| What this task involves |
The copy you return must match the listing word for word and carry no pictures.

| Data provided |
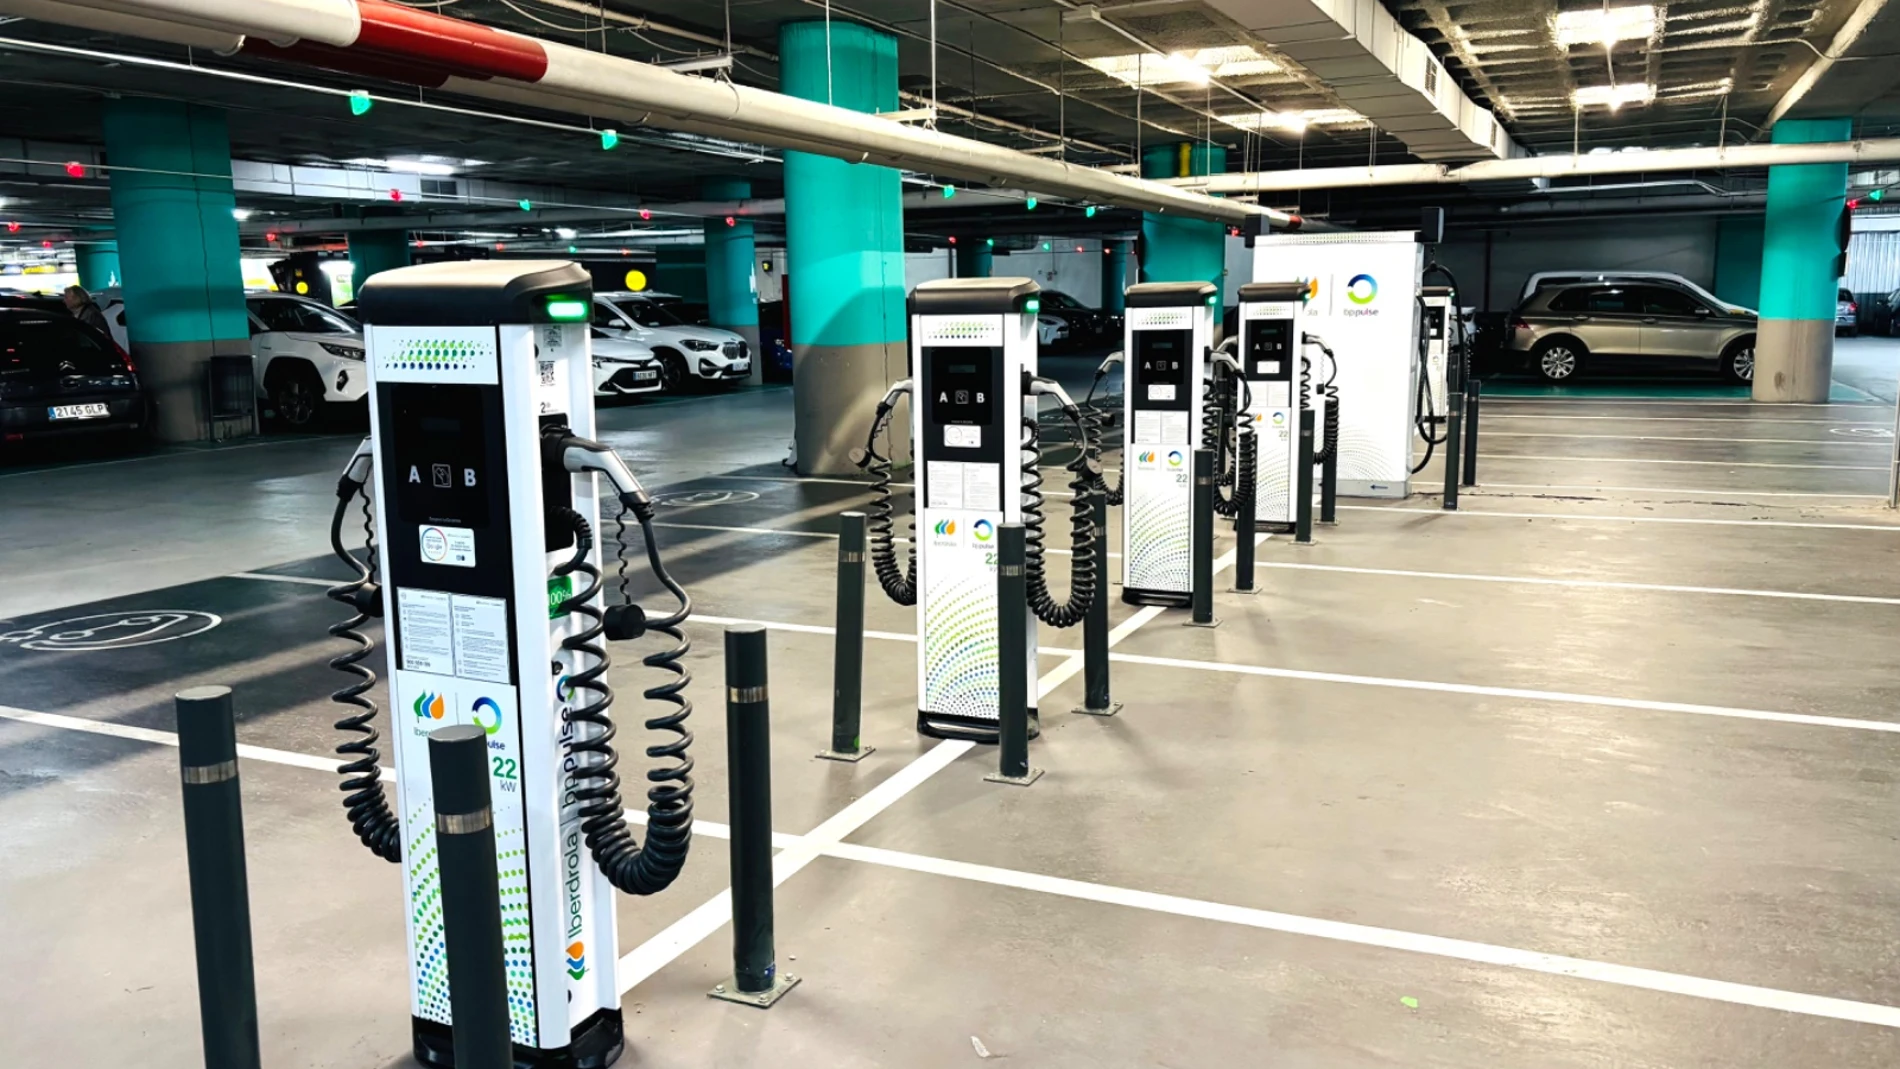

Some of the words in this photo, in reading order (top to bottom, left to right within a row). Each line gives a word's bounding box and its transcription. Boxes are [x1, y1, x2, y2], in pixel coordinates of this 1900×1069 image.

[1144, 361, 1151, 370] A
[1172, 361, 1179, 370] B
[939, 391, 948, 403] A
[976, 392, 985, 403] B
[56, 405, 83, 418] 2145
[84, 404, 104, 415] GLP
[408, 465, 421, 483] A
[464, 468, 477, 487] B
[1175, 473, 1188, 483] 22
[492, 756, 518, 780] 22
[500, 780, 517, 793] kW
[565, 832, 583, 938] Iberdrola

| Written reply |
Some of the words in this photo, in reading order (top to bottom, left to right within a row). Each line gives a word's bounding box and its transcription. Boxes are [x1, y1, x2, y2], in pixel coordinates of this 1900×1069 image.

[1144, 361, 1151, 370] A
[1172, 361, 1179, 370] B
[939, 391, 948, 403] A
[976, 392, 985, 403] B
[56, 405, 83, 418] 2145
[84, 404, 104, 415] GLP
[408, 465, 421, 483] A
[464, 468, 477, 487] B
[1175, 473, 1188, 483] 22
[492, 756, 518, 780] 22
[500, 780, 517, 793] kW
[565, 832, 583, 938] Iberdrola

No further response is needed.